-- DATA EXTRACTS follows --
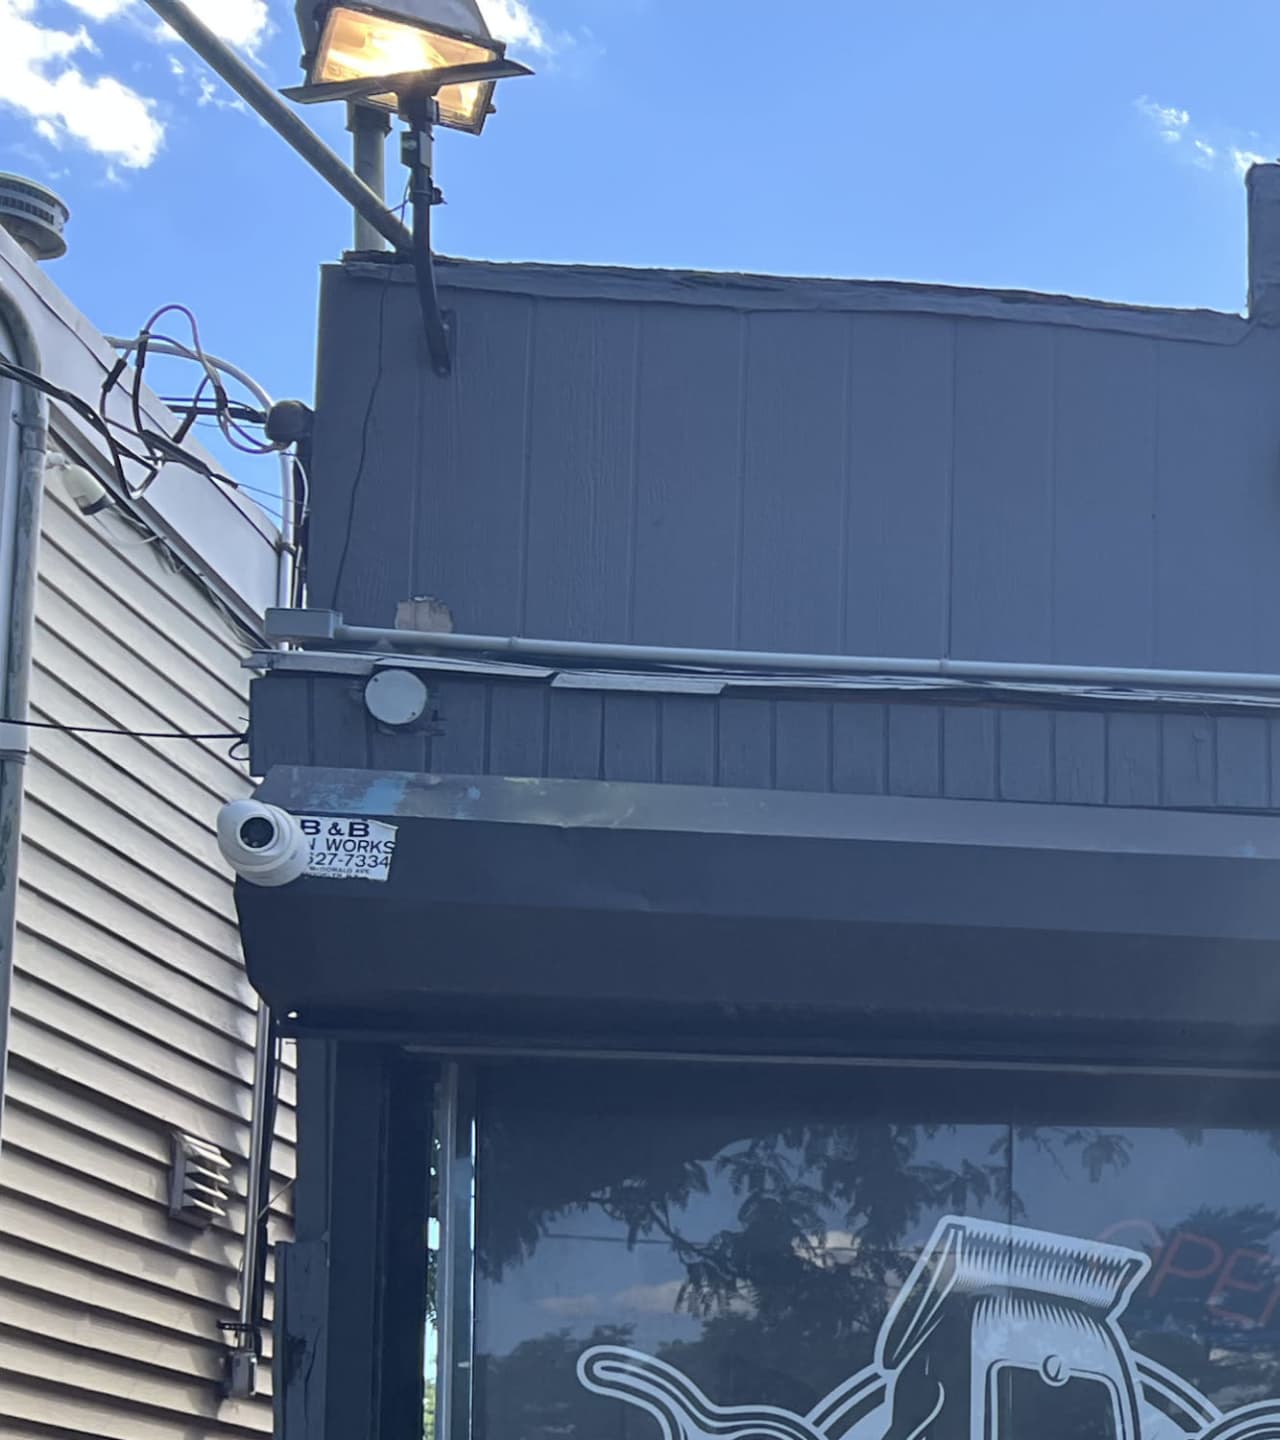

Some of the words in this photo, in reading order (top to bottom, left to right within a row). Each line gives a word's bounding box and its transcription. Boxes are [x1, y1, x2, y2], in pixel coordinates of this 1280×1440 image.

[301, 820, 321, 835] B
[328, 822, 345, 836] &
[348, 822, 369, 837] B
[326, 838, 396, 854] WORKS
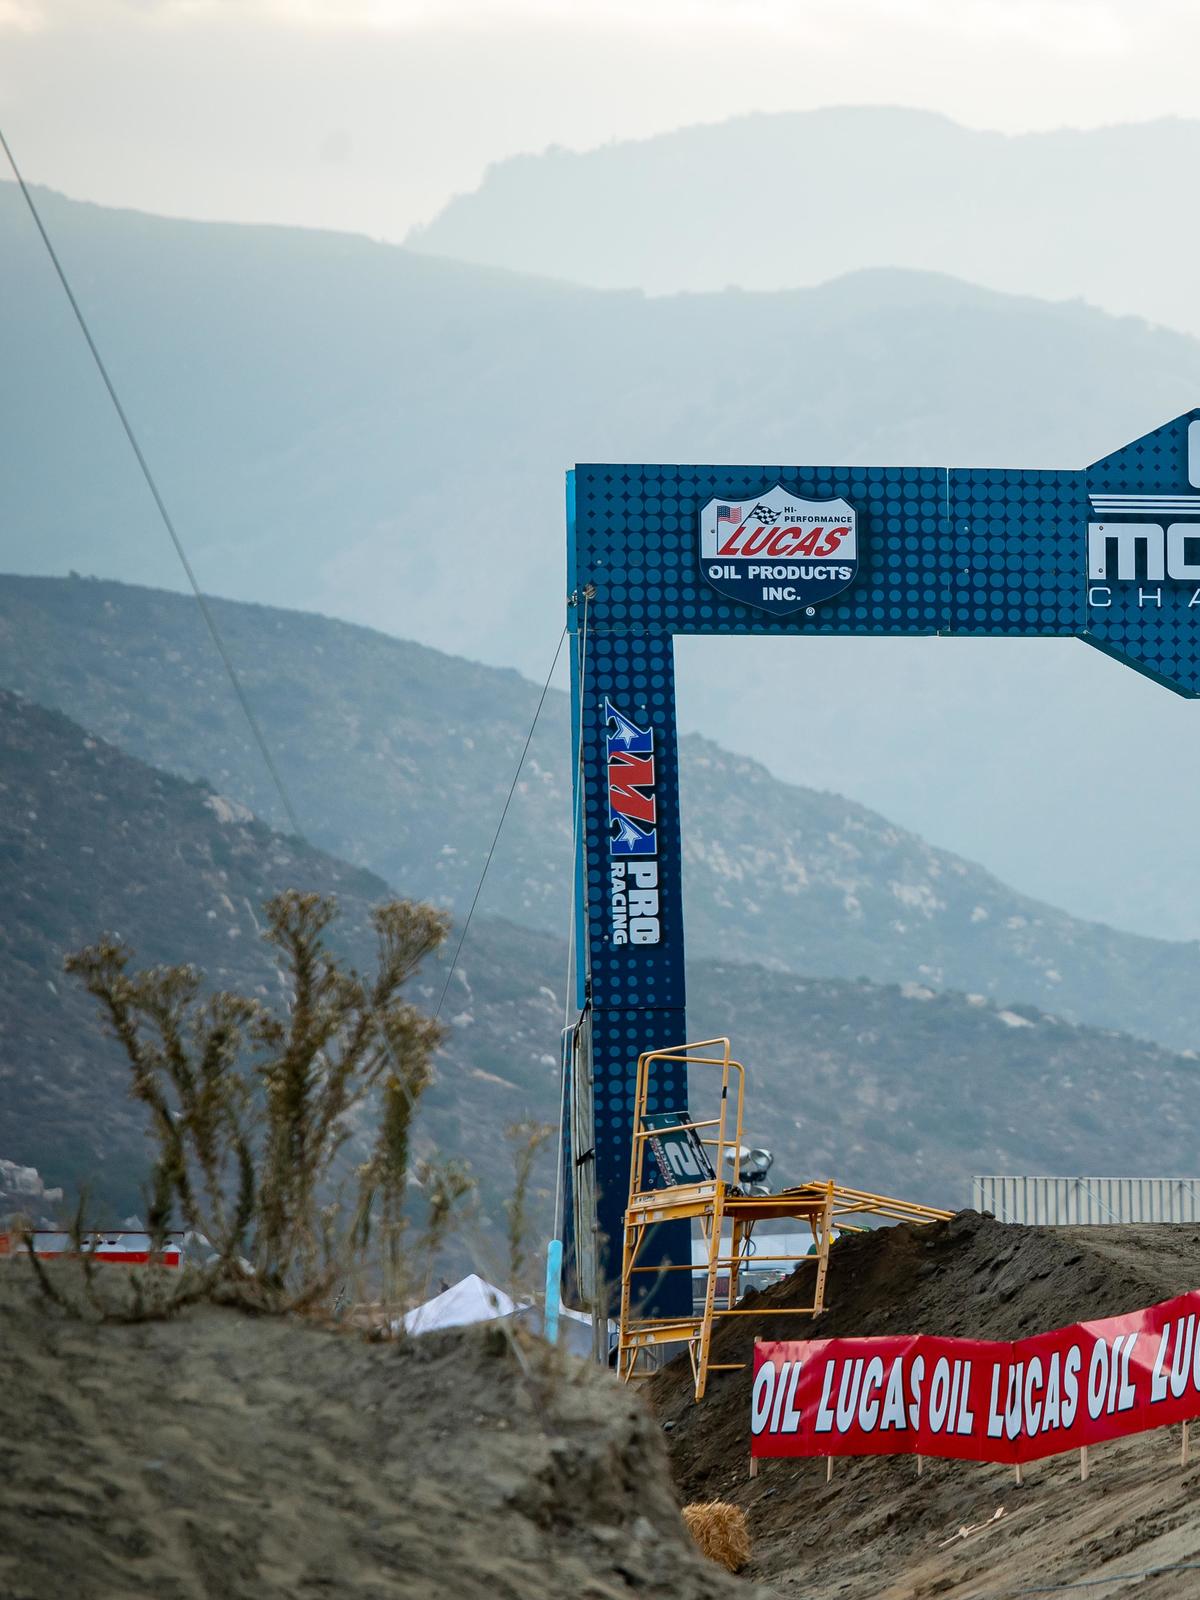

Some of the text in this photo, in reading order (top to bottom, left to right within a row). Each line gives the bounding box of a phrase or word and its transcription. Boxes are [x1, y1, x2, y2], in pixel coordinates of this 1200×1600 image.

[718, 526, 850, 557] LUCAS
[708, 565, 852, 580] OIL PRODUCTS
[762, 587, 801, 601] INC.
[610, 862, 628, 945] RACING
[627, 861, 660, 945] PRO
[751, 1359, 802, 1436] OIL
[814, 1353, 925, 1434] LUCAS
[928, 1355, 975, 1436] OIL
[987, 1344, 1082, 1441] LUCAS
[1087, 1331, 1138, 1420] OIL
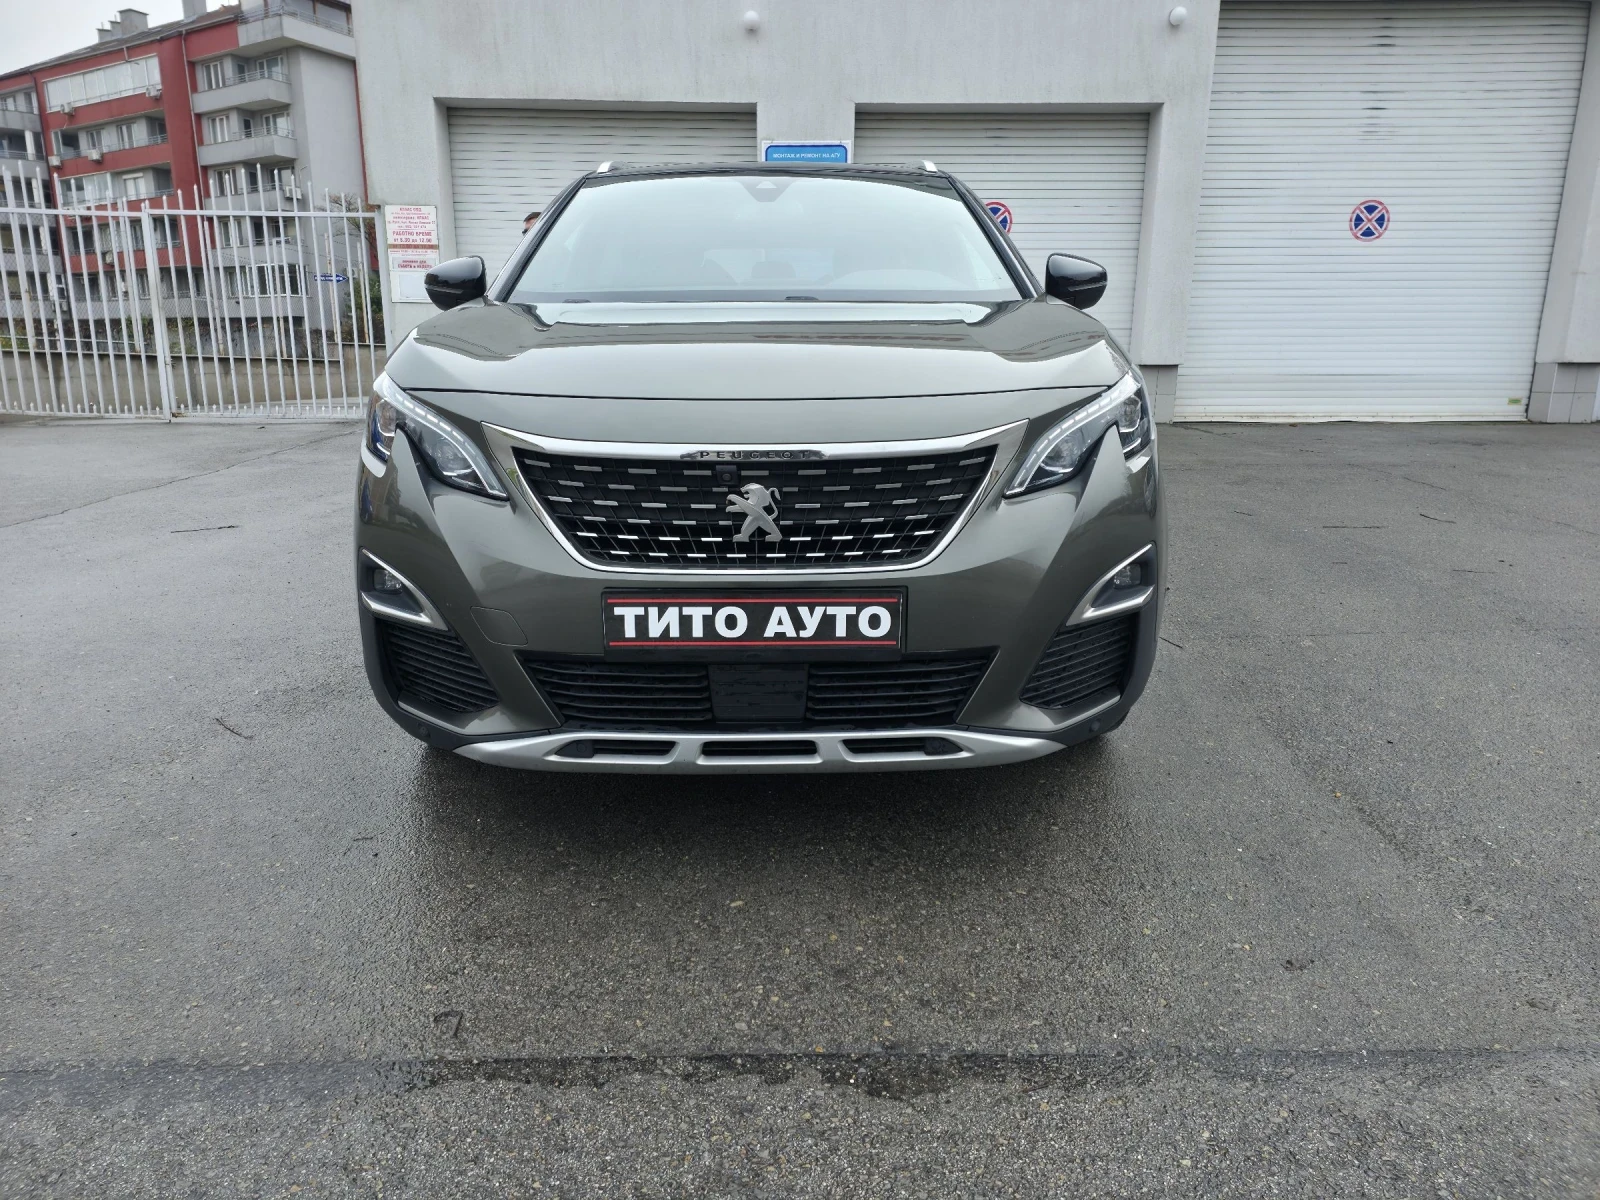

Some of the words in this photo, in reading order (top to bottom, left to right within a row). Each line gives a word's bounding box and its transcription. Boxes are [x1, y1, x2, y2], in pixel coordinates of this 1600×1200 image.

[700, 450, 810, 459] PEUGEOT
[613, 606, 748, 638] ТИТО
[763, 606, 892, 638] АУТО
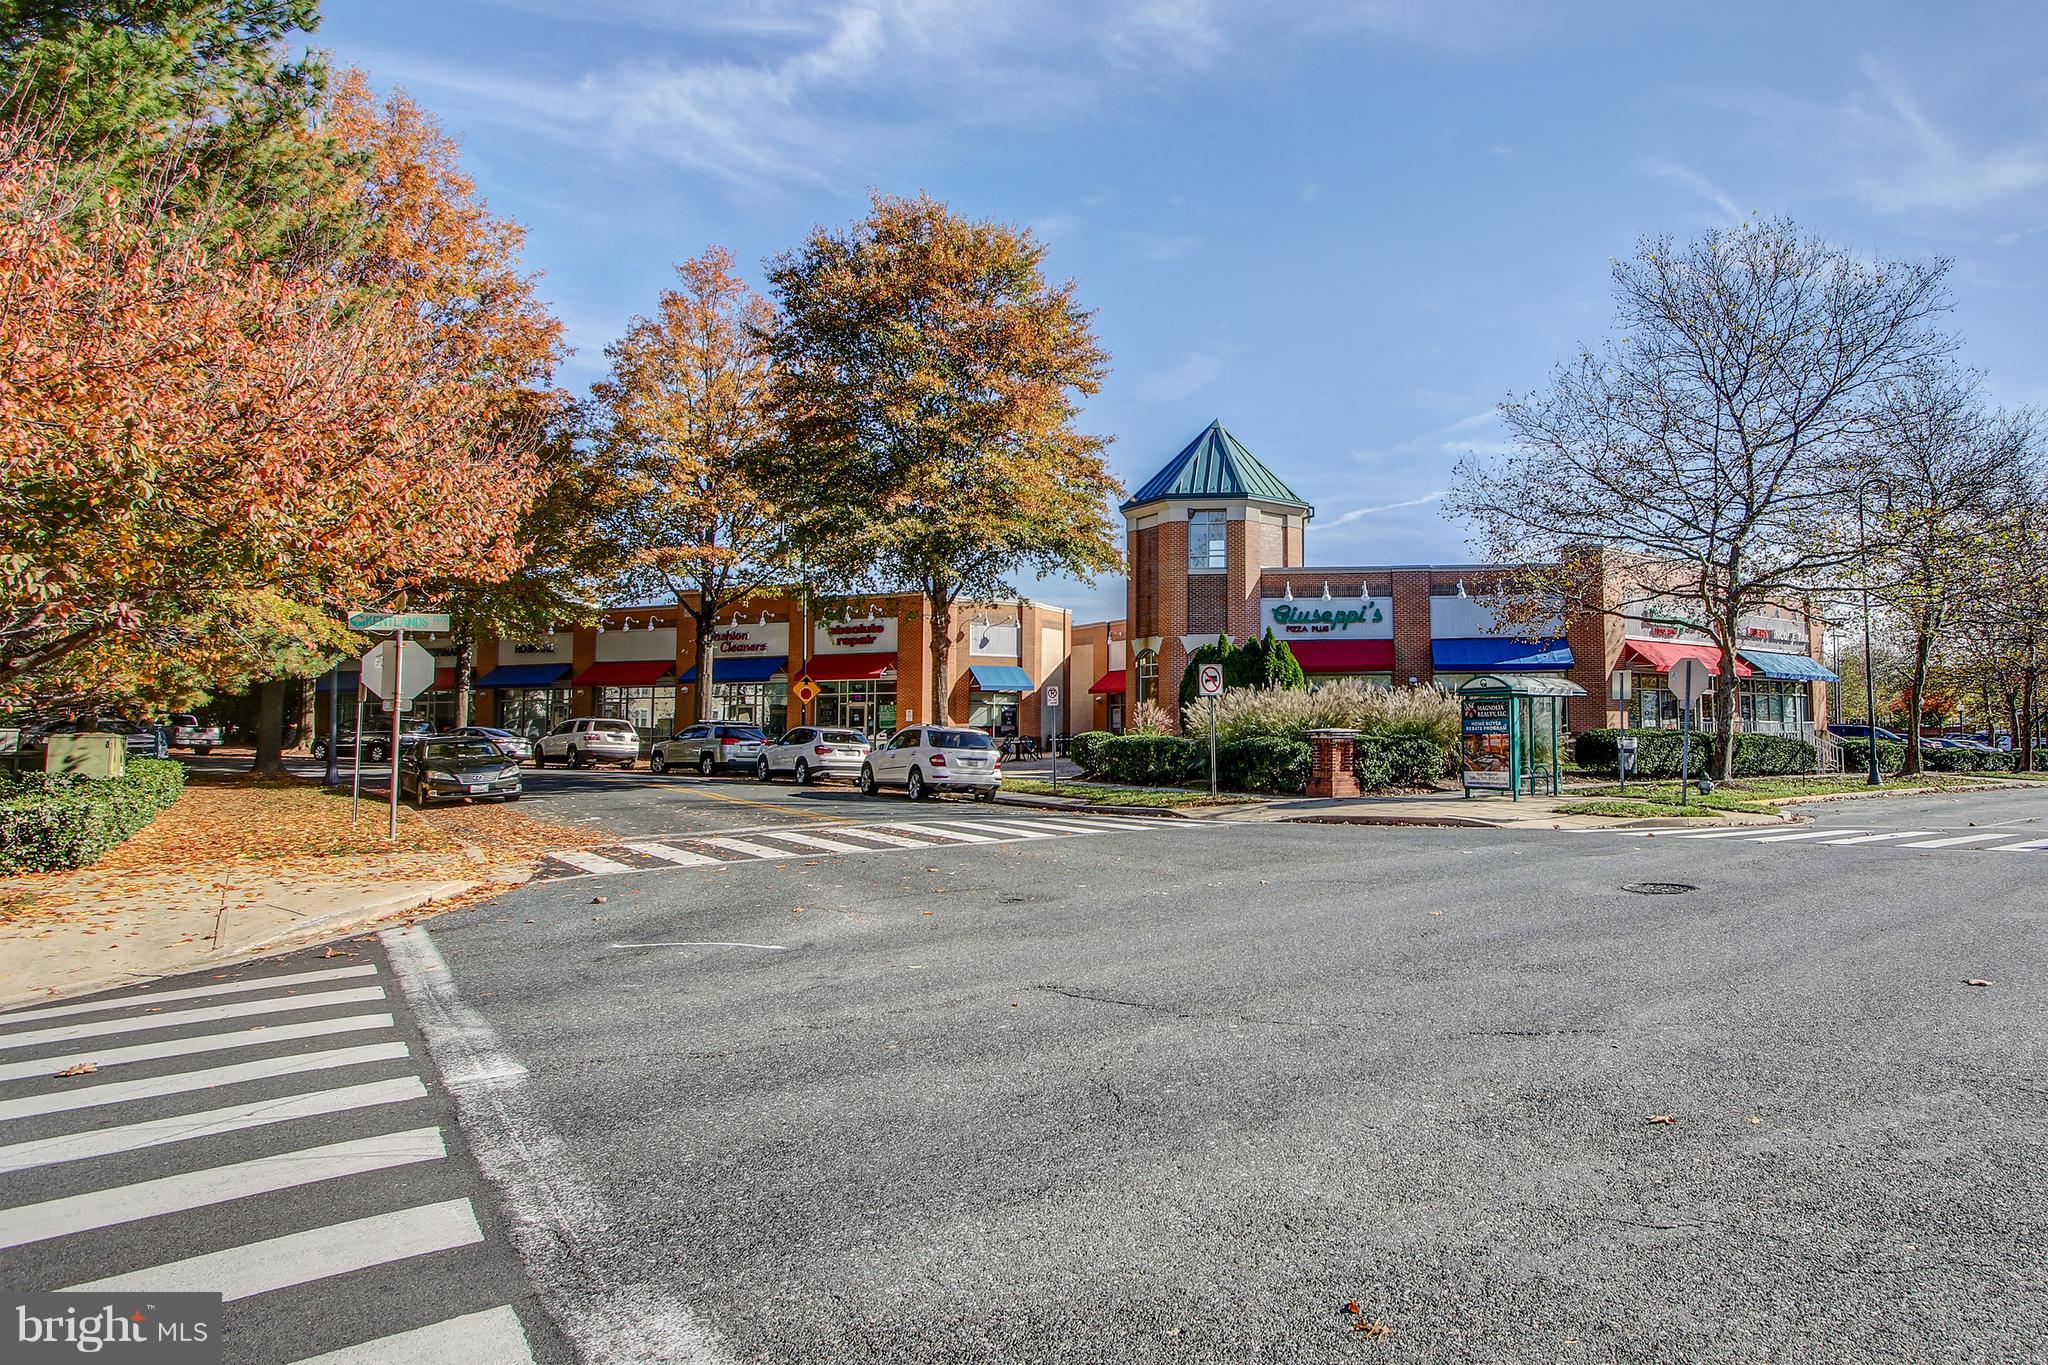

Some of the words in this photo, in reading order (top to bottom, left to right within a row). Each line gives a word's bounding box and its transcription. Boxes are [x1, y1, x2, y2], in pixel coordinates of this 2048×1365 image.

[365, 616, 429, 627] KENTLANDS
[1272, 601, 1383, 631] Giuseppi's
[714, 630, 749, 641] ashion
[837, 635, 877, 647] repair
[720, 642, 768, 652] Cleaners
-- DATA EXTRACTS concluded --
**WHAT IS EXPECTED**
Reproduce, exactly and with both ends included, every line from the one that contains "this 2048×1365 image." to the end of the listing above.

**TASK ANSWER**
Some of the words in this photo, in reading order (top to bottom, left to right within a row). Each line gives a word's bounding box and its transcription. Boxes are [x1, y1, x2, y2], in pixel coordinates of this 2048×1365 image.

[365, 616, 429, 627] KENTLANDS
[1272, 601, 1383, 631] Giuseppi's
[714, 630, 749, 641] ashion
[837, 635, 877, 647] repair
[720, 642, 768, 652] Cleaners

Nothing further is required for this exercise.